STORED DATA |

□ □ □ □ □ □ □

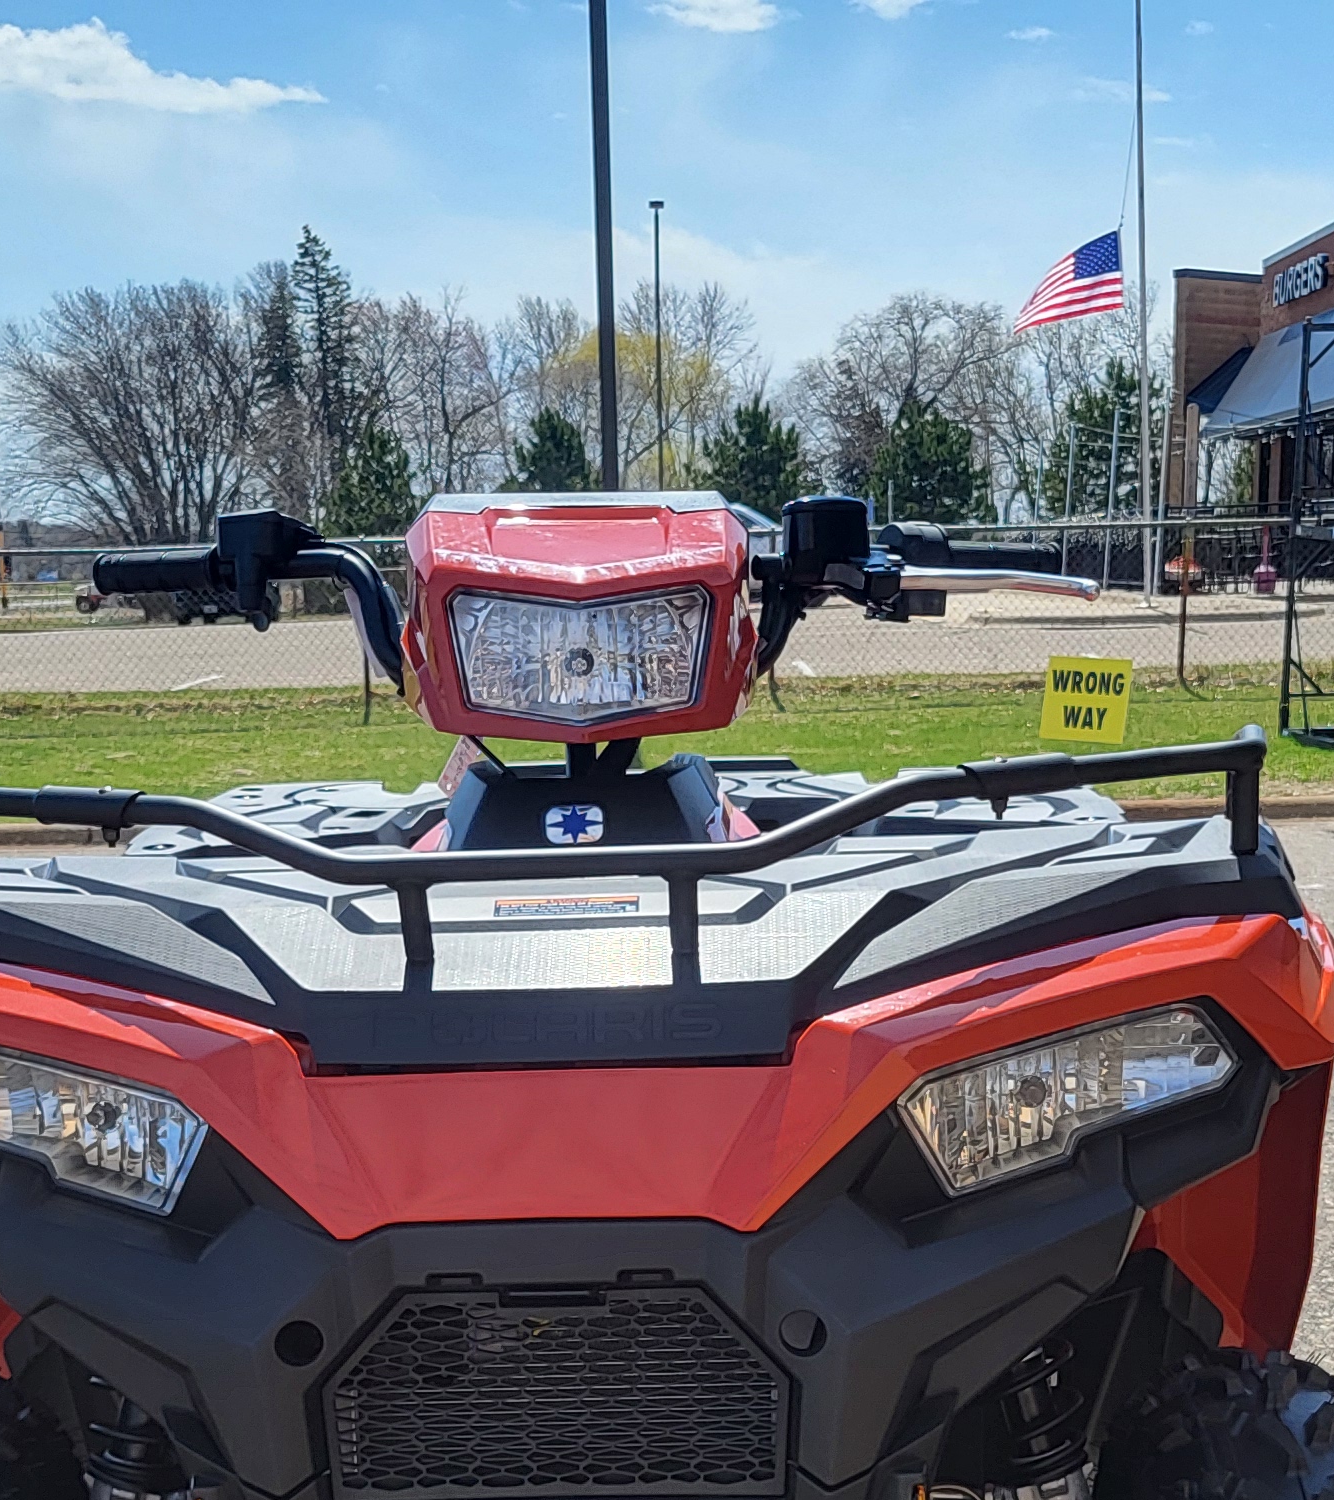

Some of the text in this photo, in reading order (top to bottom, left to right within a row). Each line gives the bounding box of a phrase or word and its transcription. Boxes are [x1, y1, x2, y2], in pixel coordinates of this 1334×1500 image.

[1271, 254, 1327, 307] BURGERS
[1051, 669, 1126, 697] WRONG
[1062, 705, 1109, 731] WAY
[371, 1002, 723, 1048] POLARIS
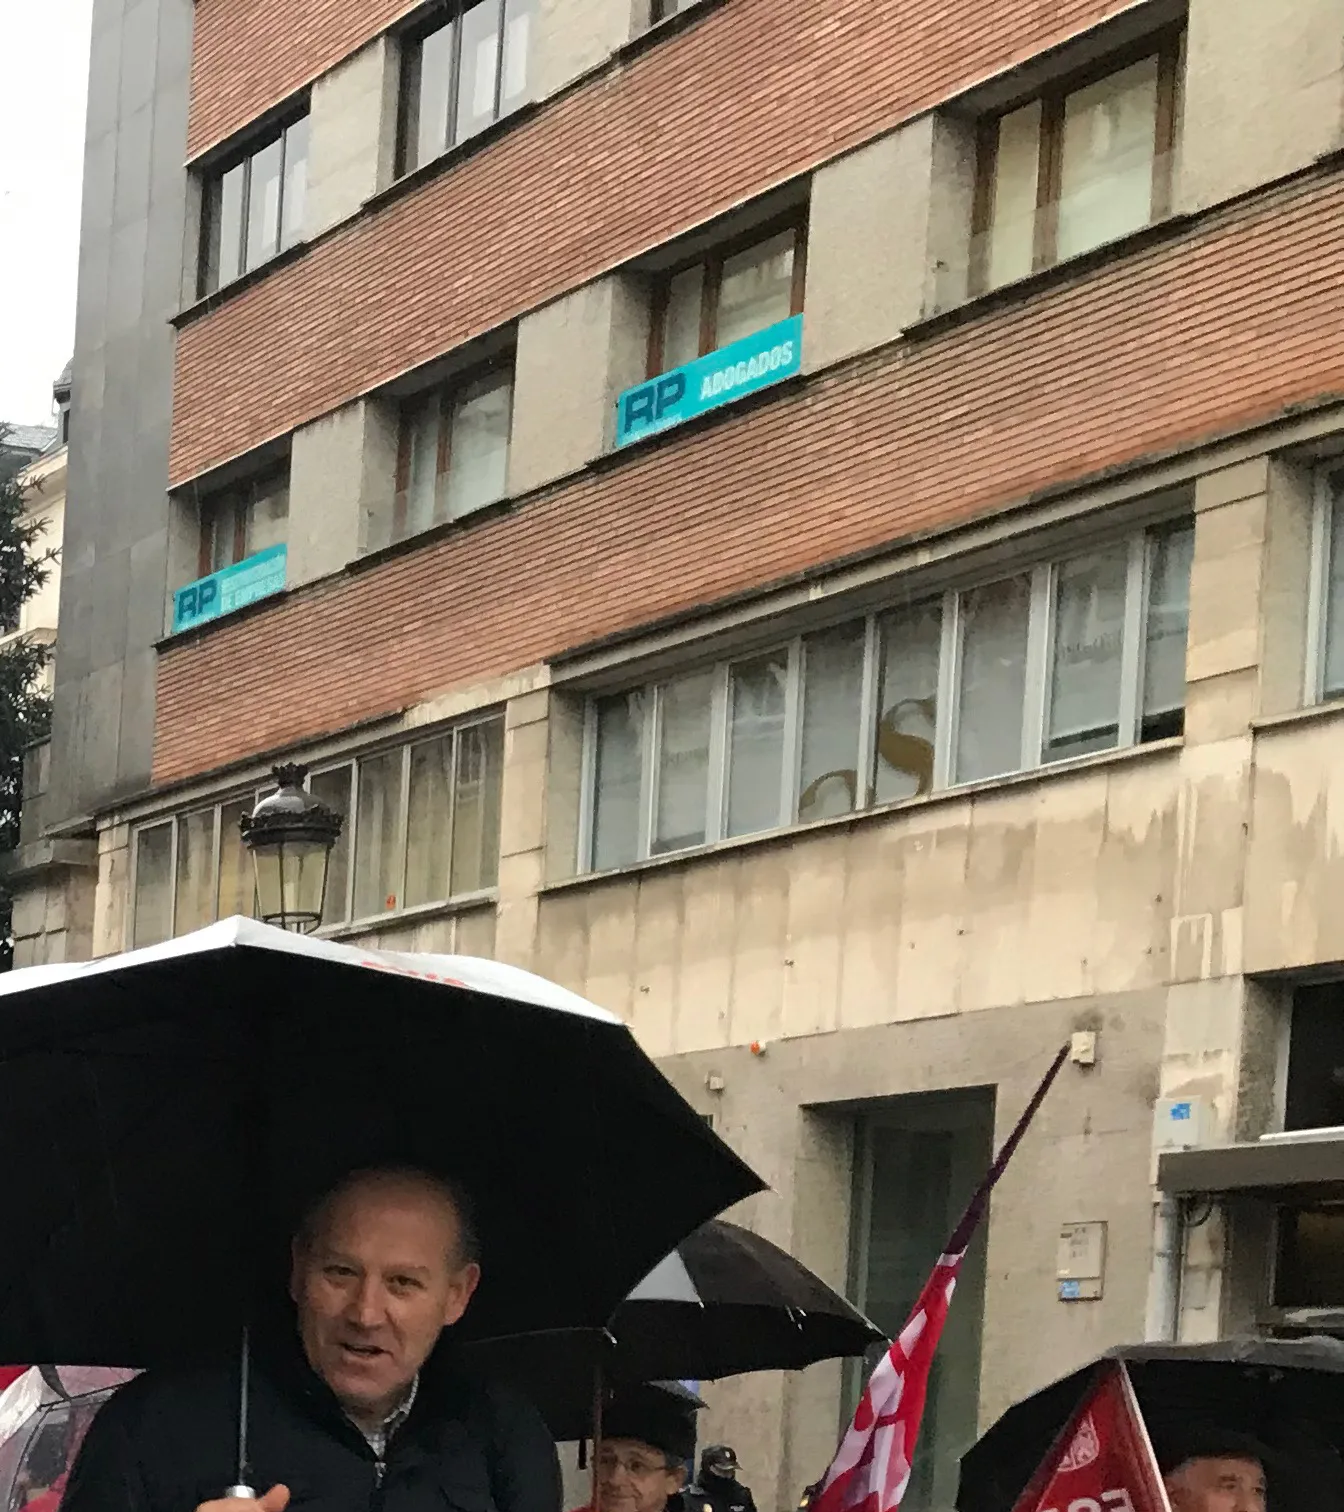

□ □ □ □ □ □ □

EXERCISE PROMPT |
Nothing but an exact repeat of the records, pictures excluded, belongs in the answer.

EXERCISE ANSWER |
Some of the text in this photo, in reading order (top to bottom, left to right within a row). Each line gives the bounding box of a phrase or word and its transcription. Boxes are [x1, y1, x2, y2], in pixel coordinates of this 1334×1500 image.

[1271, 254, 1327, 307] BURGERS
[1051, 669, 1126, 697] WRONG
[1062, 705, 1109, 731] WAY
[371, 1002, 723, 1048] POLARIS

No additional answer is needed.